___ Supplied material
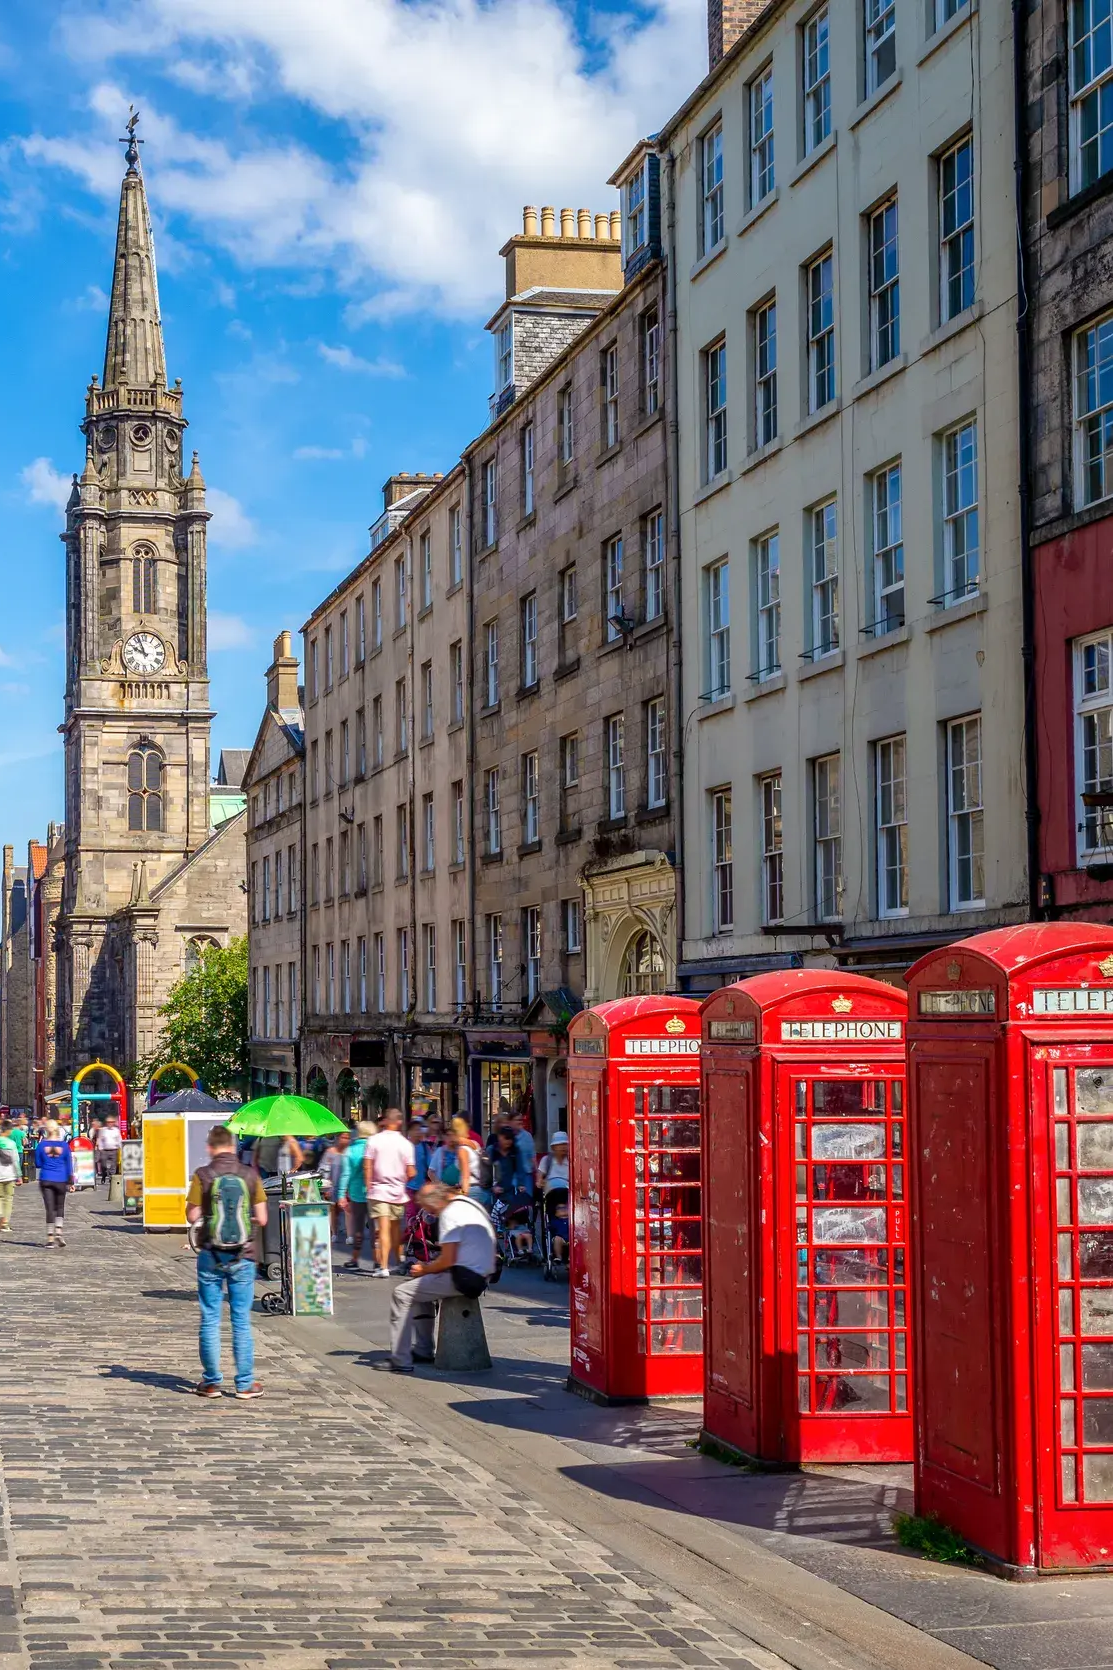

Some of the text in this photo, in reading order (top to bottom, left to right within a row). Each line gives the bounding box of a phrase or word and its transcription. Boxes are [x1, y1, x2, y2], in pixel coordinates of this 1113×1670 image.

[1039, 990, 1113, 1011] TELEP
[786, 1022, 897, 1038] TELEPHONE
[629, 1040, 699, 1053] TELEPHO
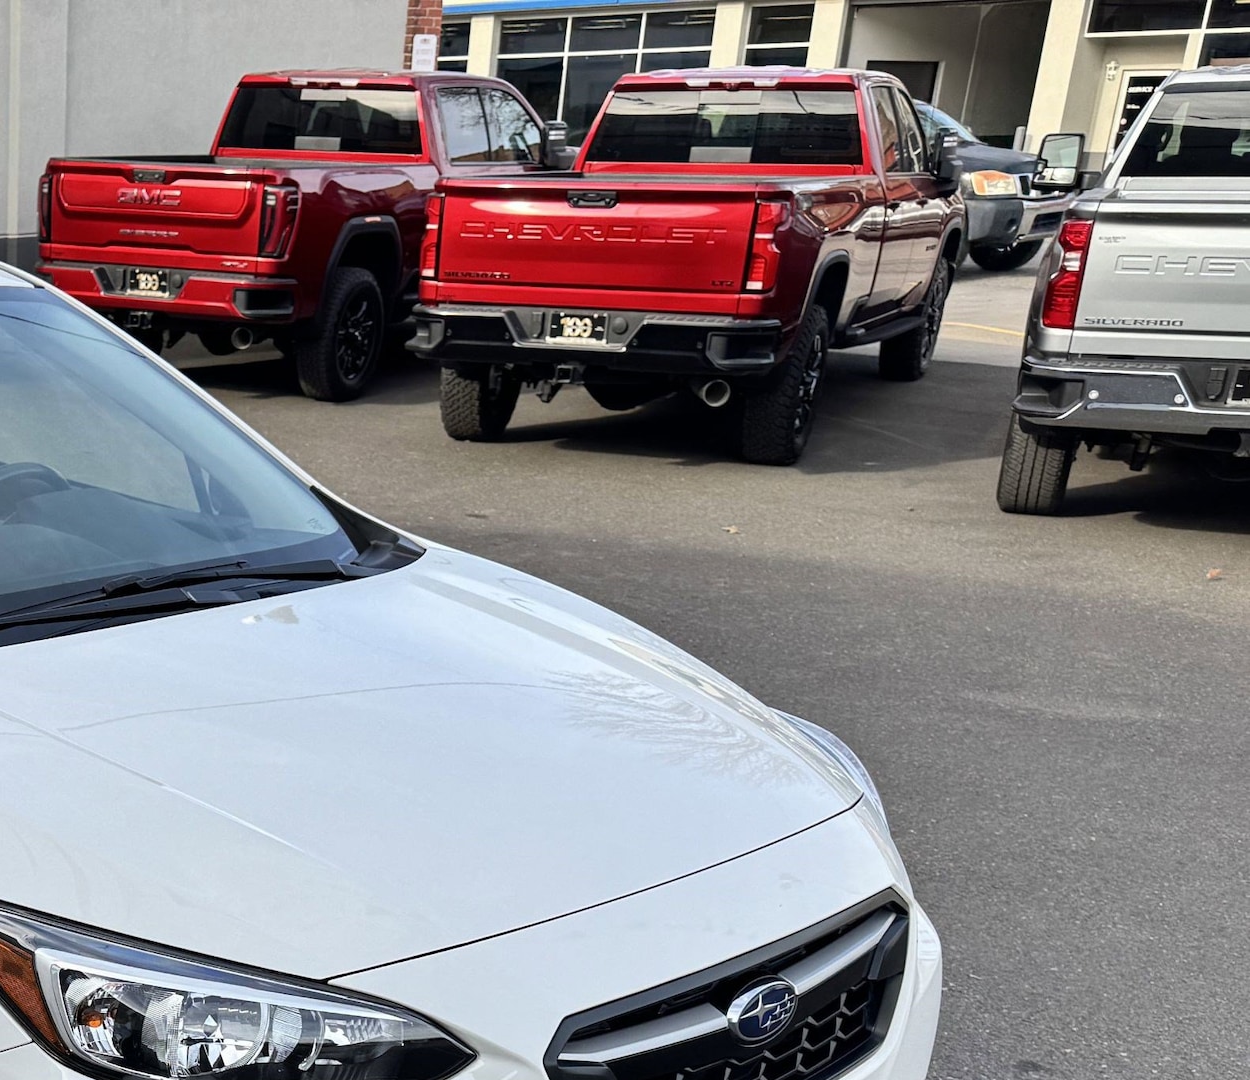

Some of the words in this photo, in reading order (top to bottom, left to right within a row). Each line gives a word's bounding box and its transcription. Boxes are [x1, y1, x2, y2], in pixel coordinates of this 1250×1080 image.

[117, 188, 181, 206] GMC
[460, 221, 728, 245] CHEVROLET
[1084, 317, 1184, 327] SILVERADO
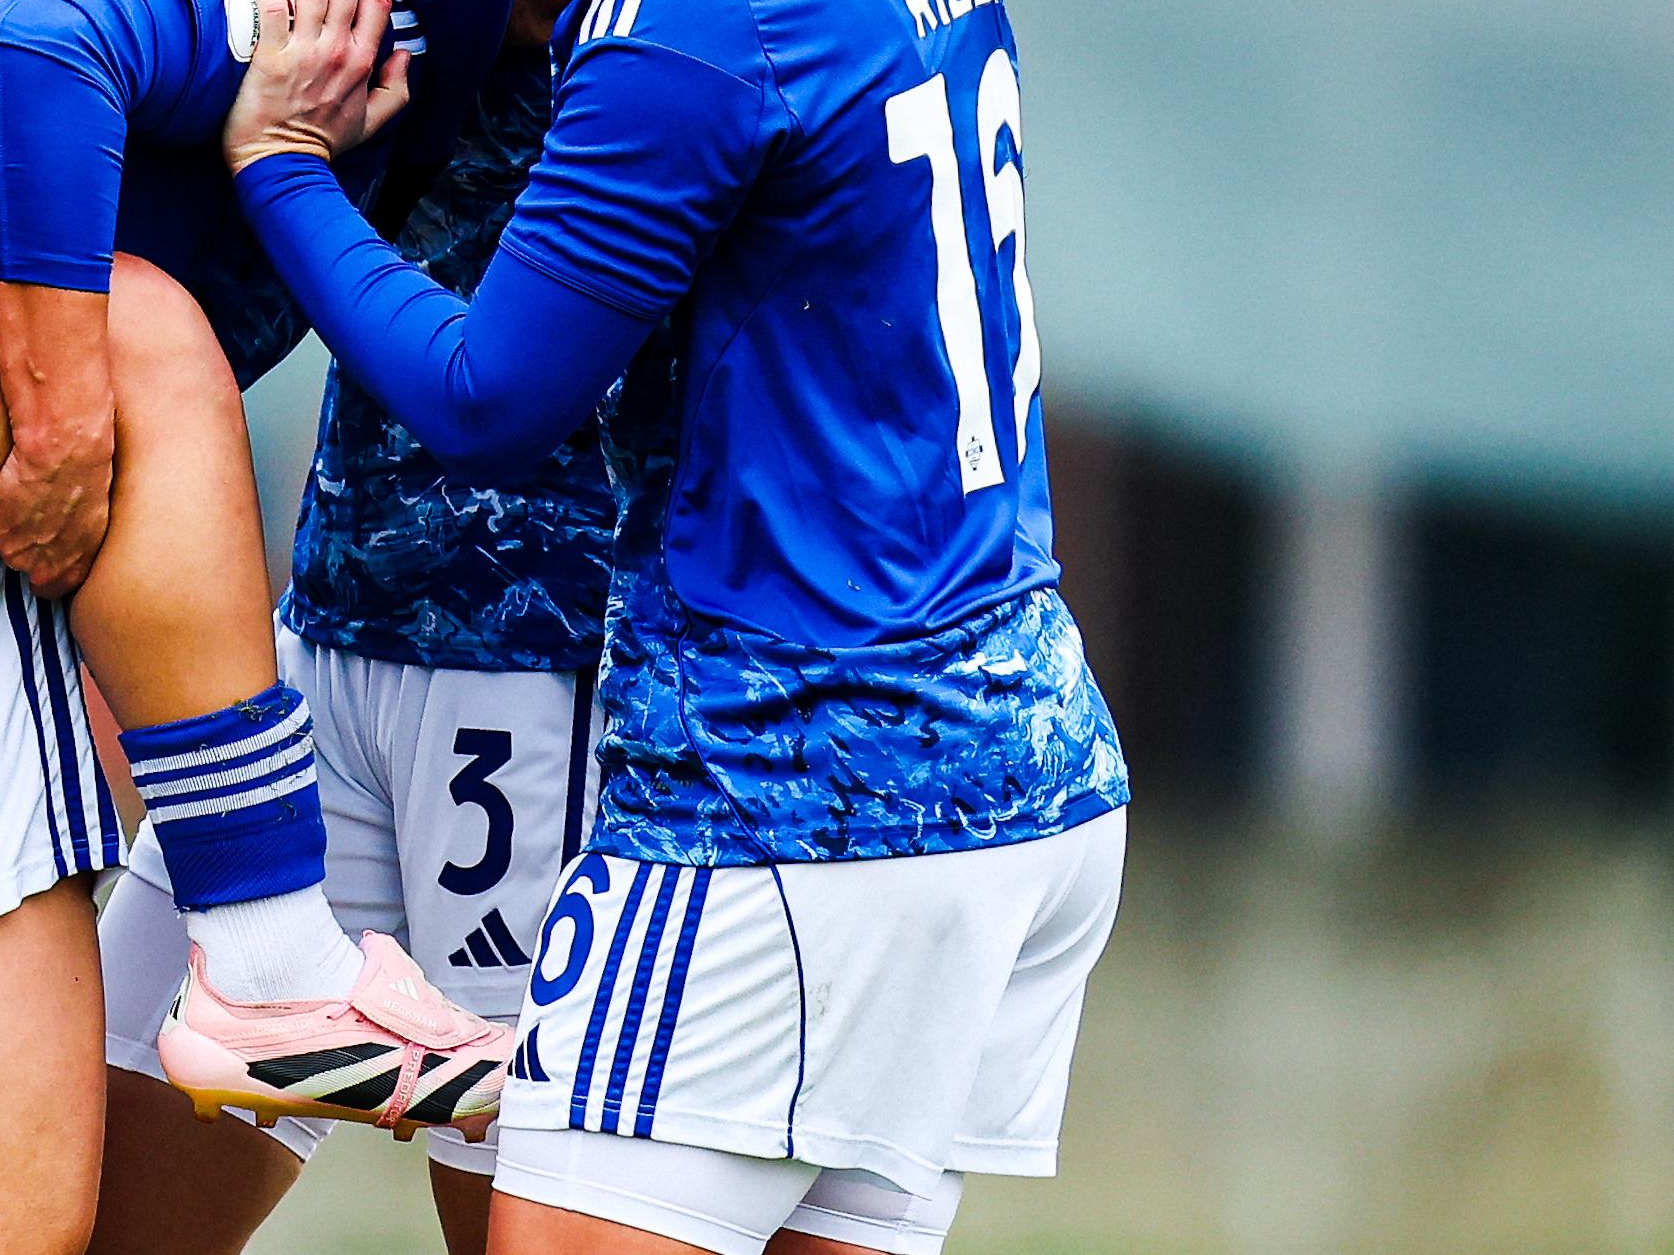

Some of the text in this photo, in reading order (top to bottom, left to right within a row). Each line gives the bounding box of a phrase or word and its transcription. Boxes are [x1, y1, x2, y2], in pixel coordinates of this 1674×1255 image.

[438, 728, 514, 895] 3
[530, 853, 610, 1006] 6
[383, 999, 438, 1030] BECKHAM
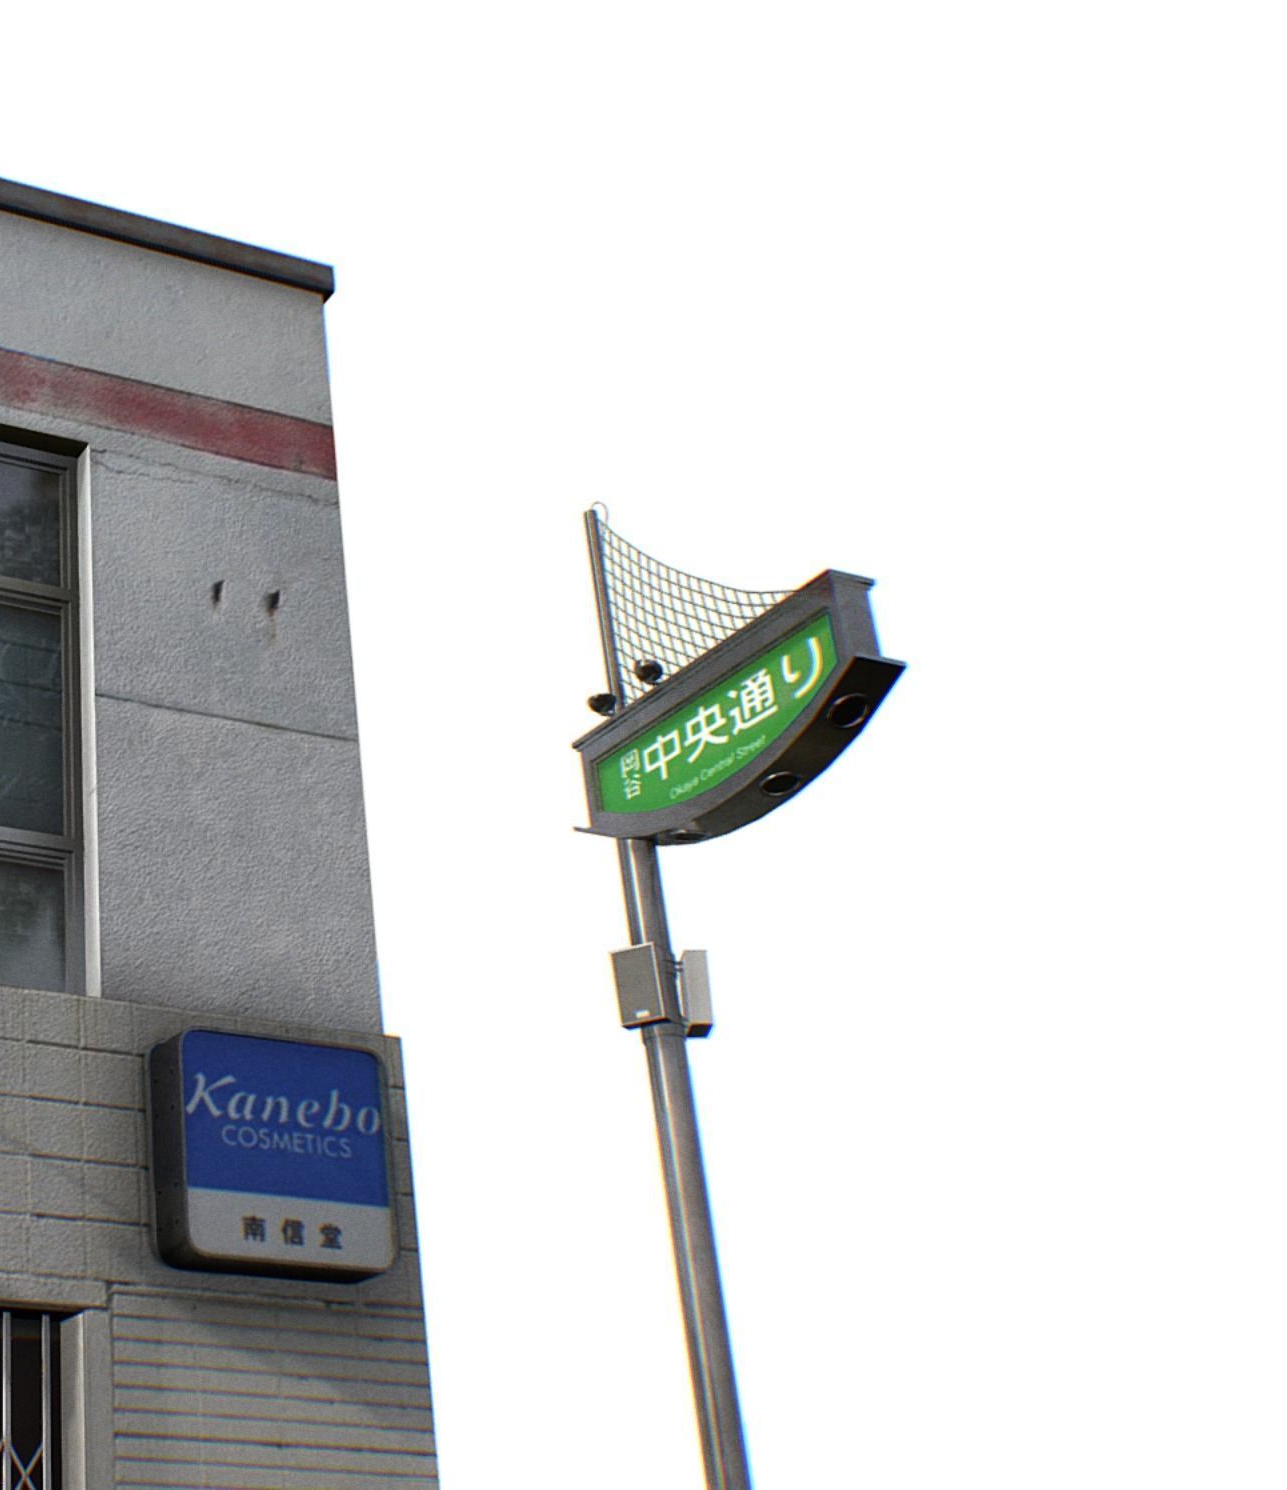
______
§ **The task**
The data is to be restated word for word, with any pictures set aside.

§ **Solution to this exercise**
Some of the text in this photo, in reading order (top to bottom, left to right within a row). Each line gives the bounding box of a phrase or word and its transcription. Boxes are [x1, y1, x2, y2], in pixel coordinates of this 1113×1670 image.

[1039, 990, 1113, 1011] TELEP
[786, 1022, 897, 1038] TELEPHONE
[629, 1040, 699, 1053] TELEPHO

Some of the words in this photo, in reading order (top to bottom, left to right within a row). Each line gives a word's bounding box and its transcription. Boxes are [x1, y1, x2, y2], in pixel coordinates of this 1250×1080 image.

[117, 188, 181, 206] GMC
[460, 221, 728, 245] CHEVROLET
[1084, 317, 1184, 327] SILVERADO

Some of the text in this photo, in reading order (top to bottom, left to right within a row). Each line gives the bounding box of a phrase or word and its transcription. Boxes are [x1, y1, x2, y2], in pixel coordinates of this 1674×1255 image.

[438, 728, 514, 895] 3
[530, 853, 610, 1006] 6
[383, 999, 438, 1030] BECKHAM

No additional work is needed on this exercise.